• **WHAT THIS TASK INVOLVES**: The answer is an exact repetition of every entry, with all images left out.

• **Dataset entries**:
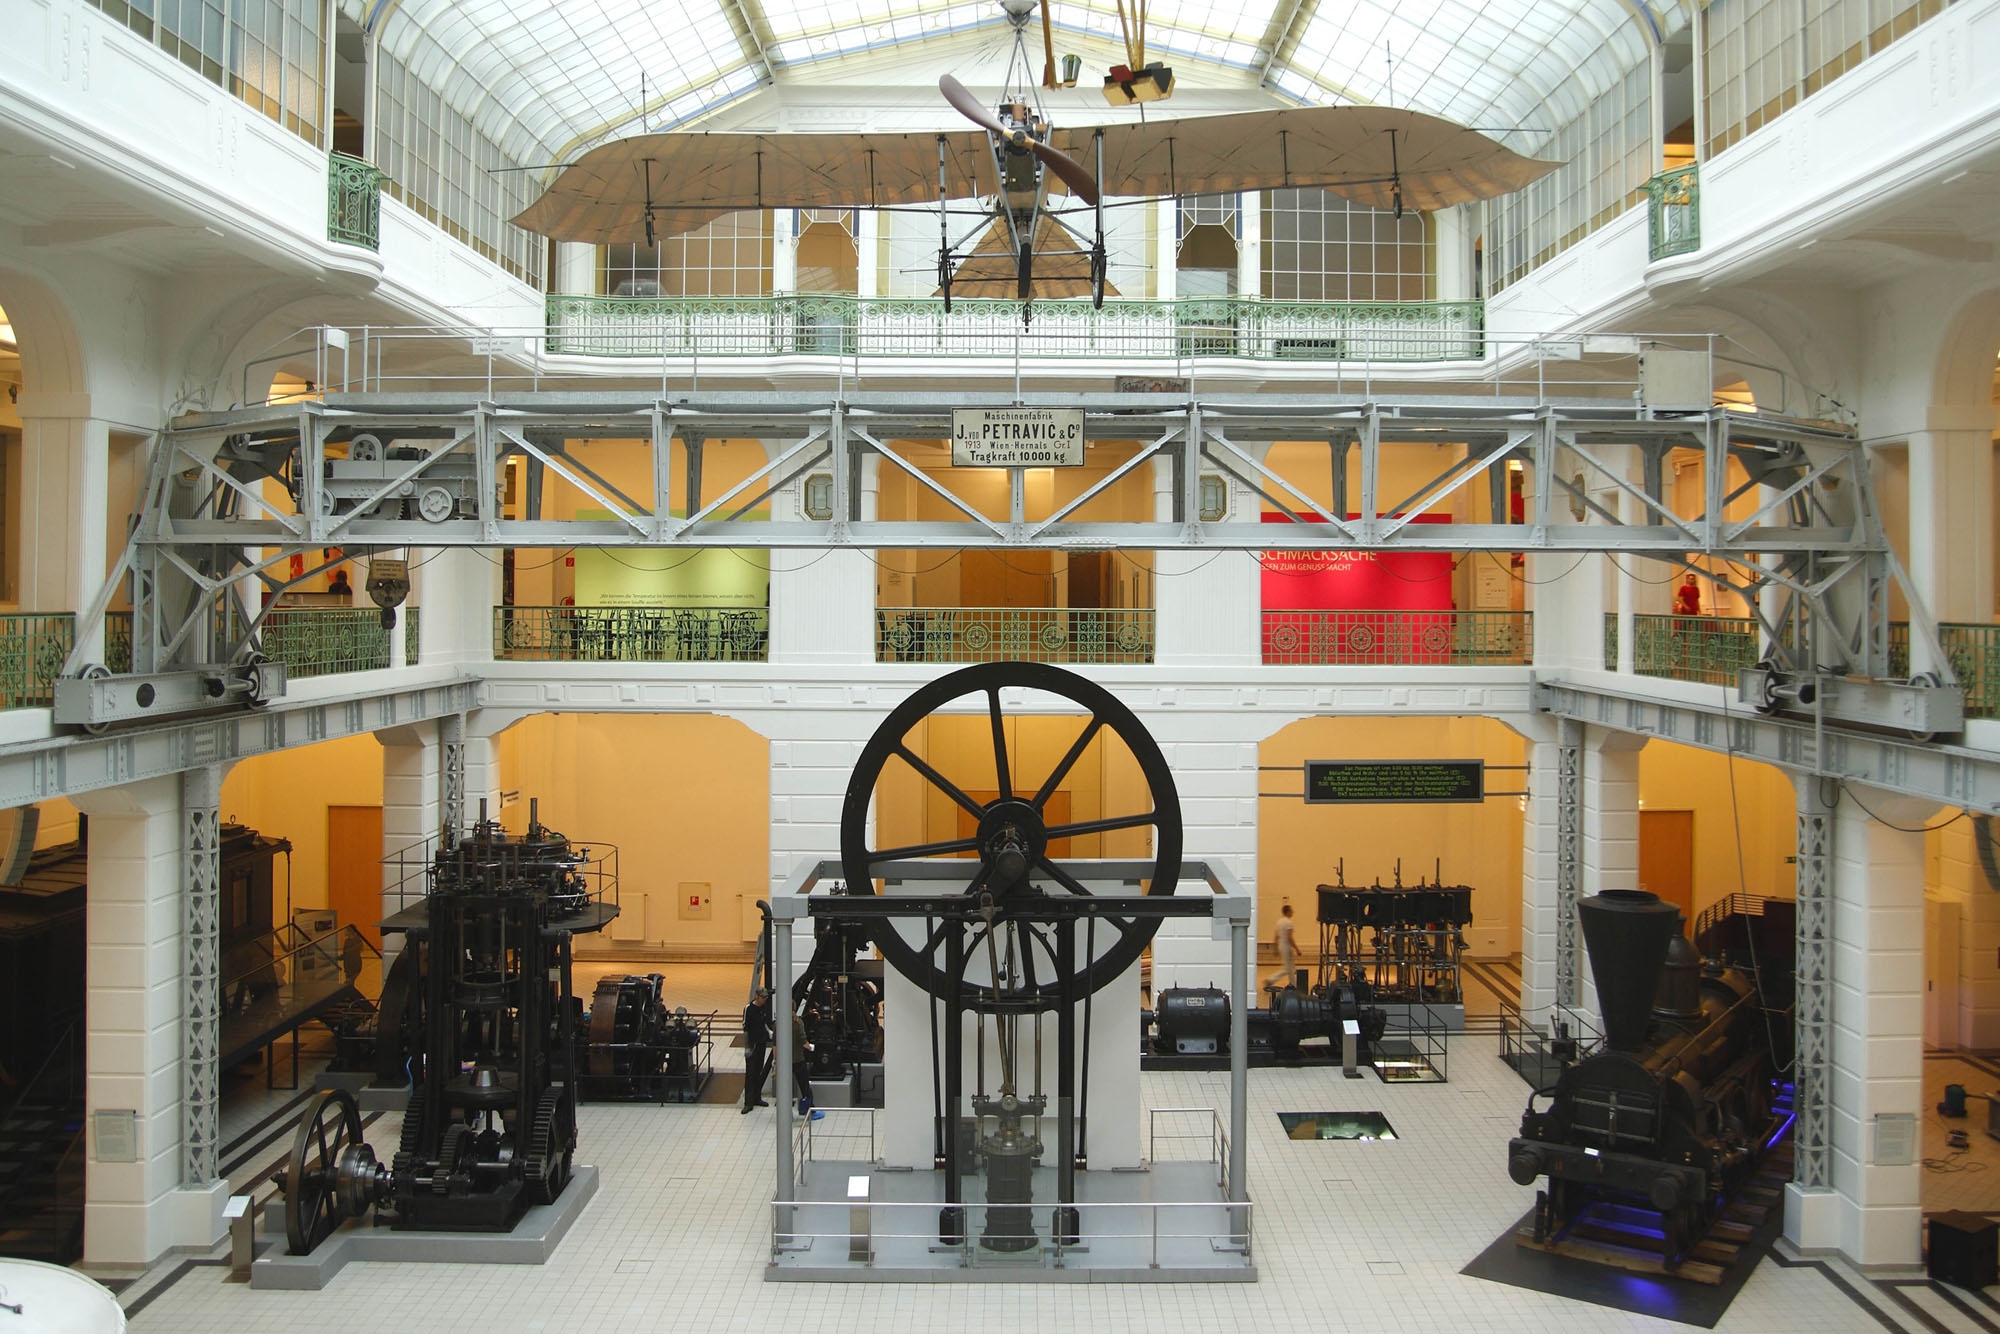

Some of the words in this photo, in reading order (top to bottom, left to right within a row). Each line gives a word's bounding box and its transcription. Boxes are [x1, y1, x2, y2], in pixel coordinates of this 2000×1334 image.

[984, 410, 1053, 420] Maschinenfabrik
[956, 424, 968, 440] J.
[1059, 429, 1066, 440] &
[964, 440, 981, 450] 1913
[990, 441, 1047, 450] Wien-Hernals
[970, 450, 1016, 464] Tragkraft
[1019, 451, 1051, 462] 10.000
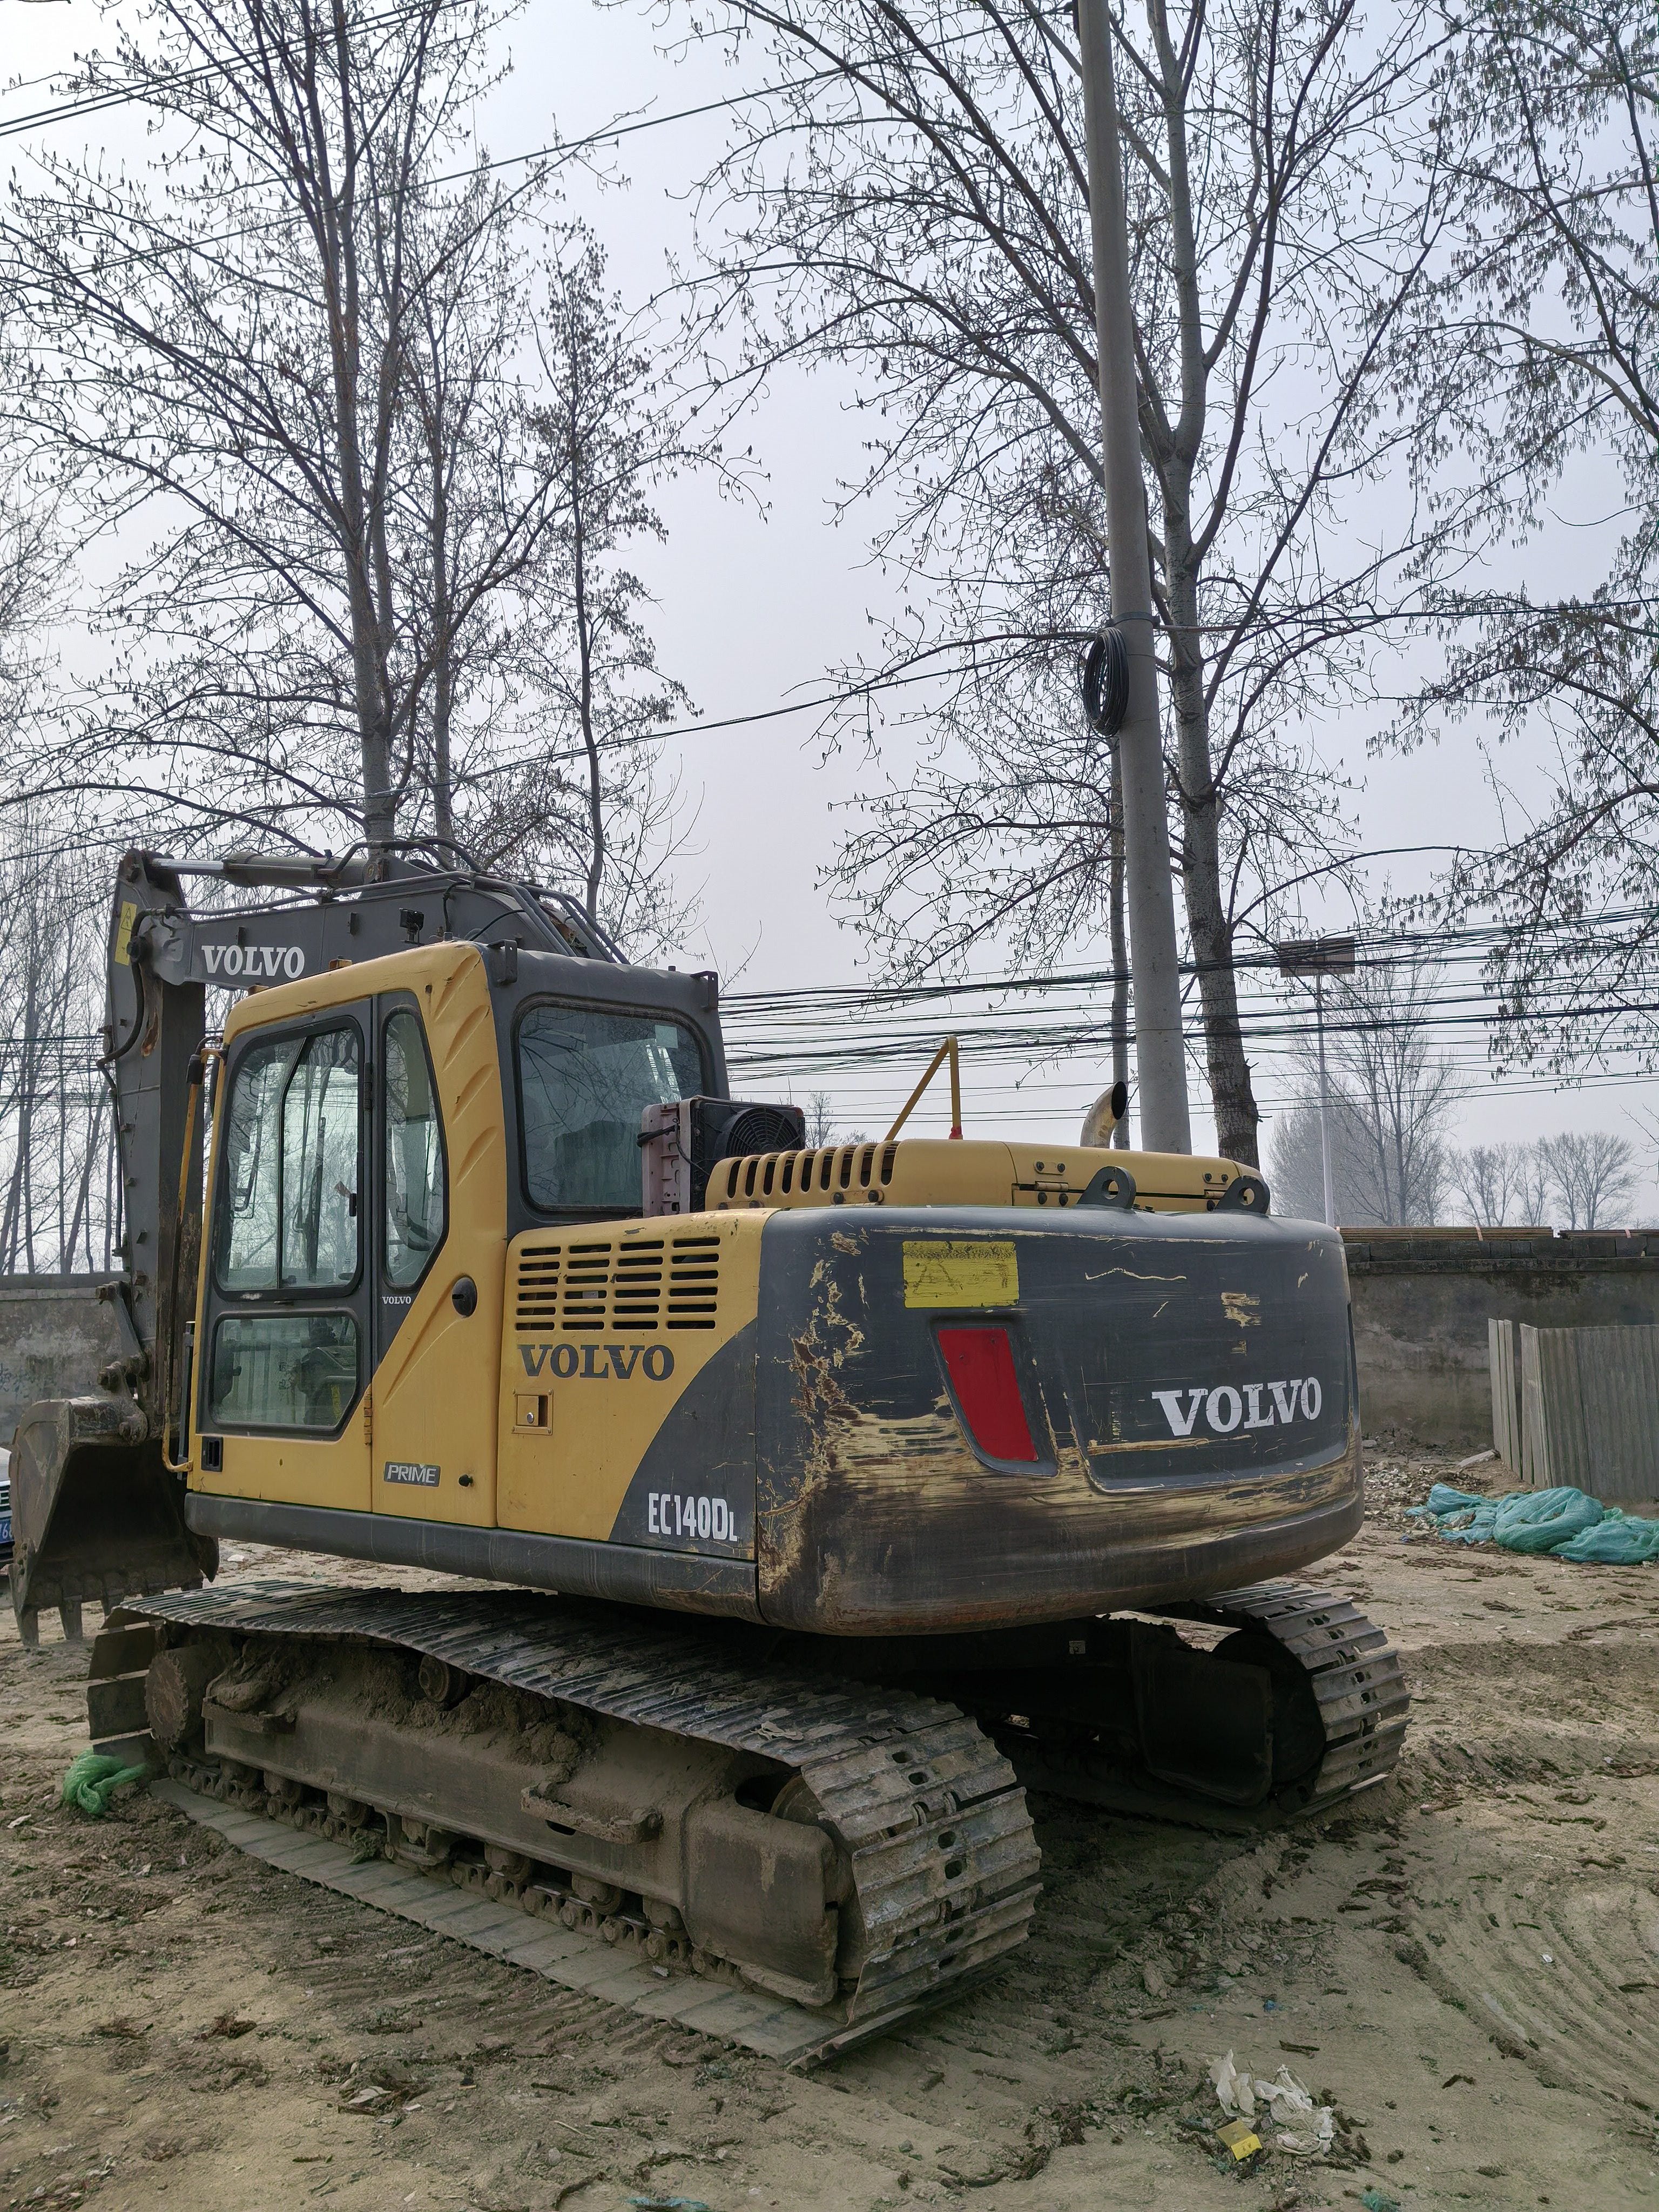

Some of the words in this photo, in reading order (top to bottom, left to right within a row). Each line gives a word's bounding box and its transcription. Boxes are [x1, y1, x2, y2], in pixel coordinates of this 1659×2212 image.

[201, 945, 305, 979] VOLVO
[381, 1296, 412, 1304] VOLVO
[517, 1343, 675, 1381] VOLVO
[1151, 1377, 1322, 1436] VOLVO
[387, 1465, 437, 1483] PRIME
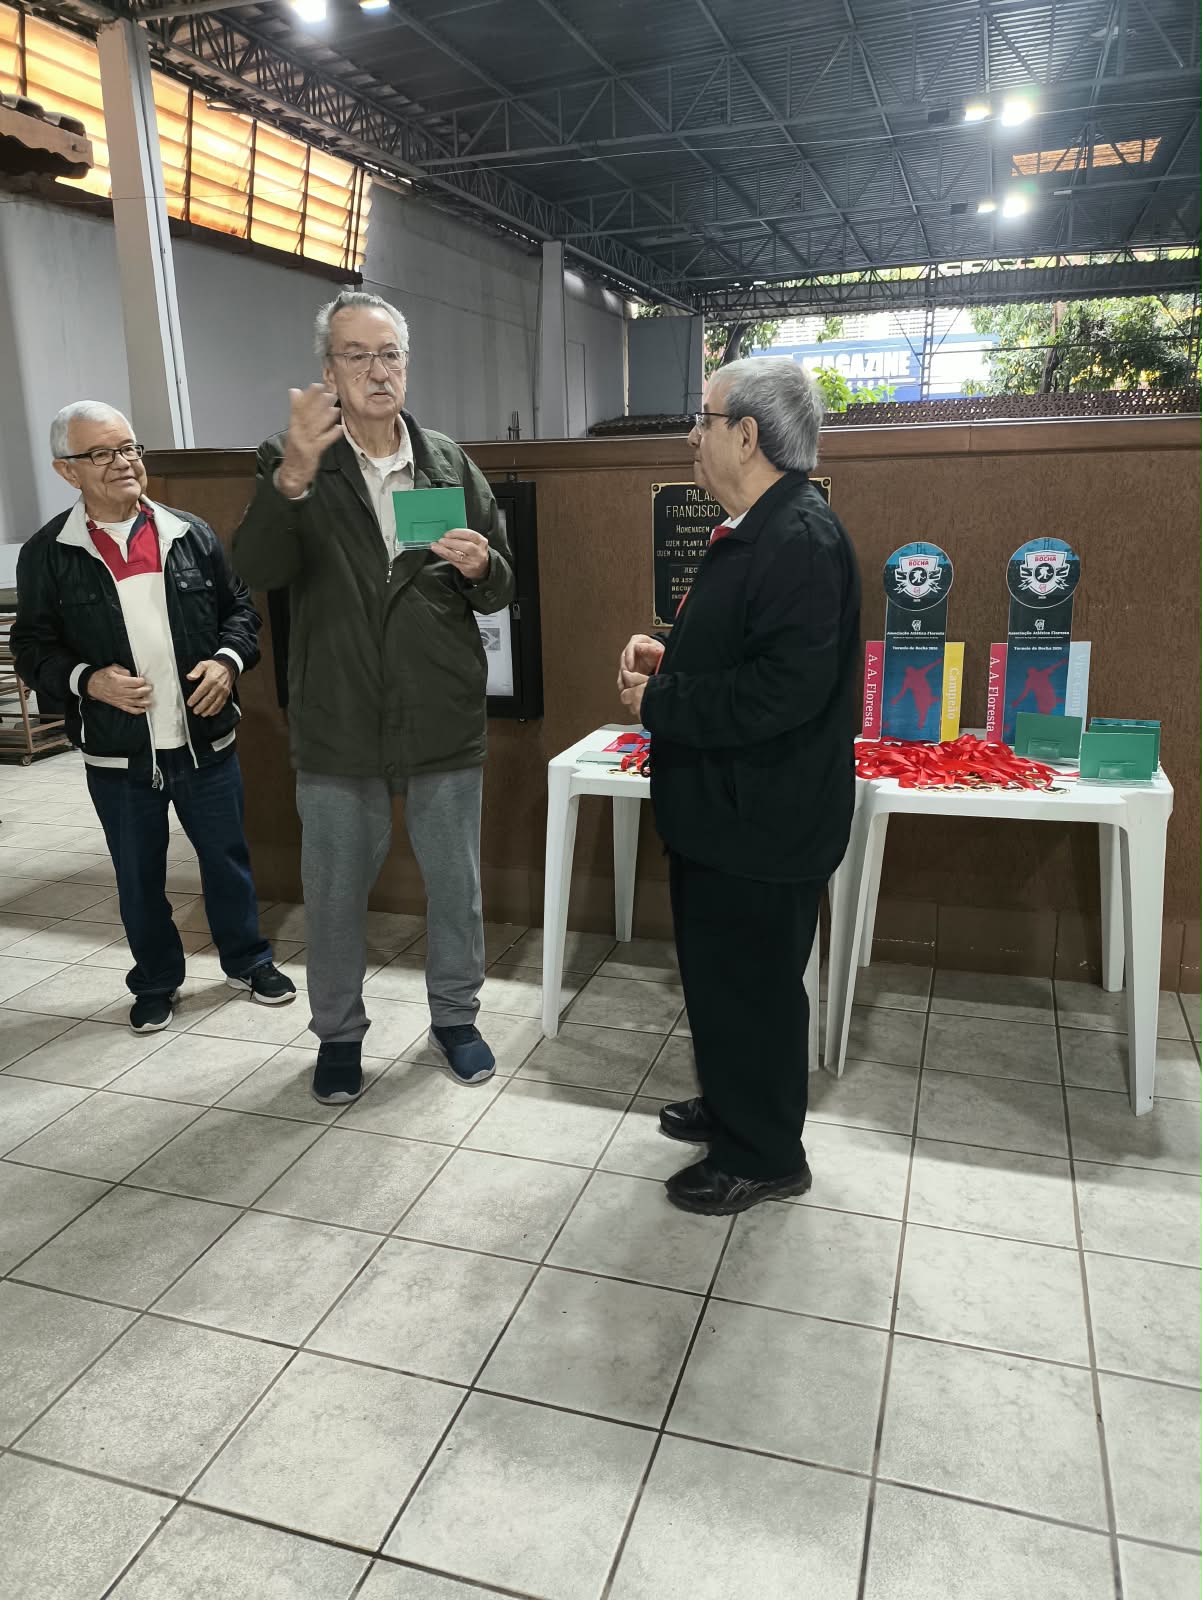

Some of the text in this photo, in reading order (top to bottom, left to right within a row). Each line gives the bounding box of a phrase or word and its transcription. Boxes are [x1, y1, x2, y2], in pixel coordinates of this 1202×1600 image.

• **RESULT OF THE EXERCISE**:
Some of the words in this photo, in reading order (top to bottom, left to right within a row). Each line gives a word's bounding box and its transcription. Boxes are [x1, y1, x2, y2], in pixel coordinates of this 2000×1334 image.

[984, 410, 1053, 420] Maschinenfabrik
[956, 424, 968, 440] J.
[1059, 429, 1066, 440] &
[964, 440, 981, 450] 1913
[990, 441, 1047, 450] Wien-Hernals
[970, 450, 1016, 464] Tragkraft
[1019, 451, 1051, 462] 10.000

Some of the words in this photo, in reading order (top to bottom, left to right within a row). Each line gives a word's bounding box and its transcription. Boxes are [x1, y1, x2, y2], in pixel coordinates of this 1659×2212 image.

[201, 945, 305, 979] VOLVO
[381, 1296, 412, 1304] VOLVO
[517, 1343, 675, 1381] VOLVO
[1151, 1377, 1322, 1436] VOLVO
[387, 1465, 437, 1483] PRIME

Some of the text in this photo, in reading order (top to bottom, left to right within a row). Each line gives the bounding box of a phrase or word and its transcription. Boxes are [x1, y1, x2, y2], in pixel coordinates of this 1202×1600 image.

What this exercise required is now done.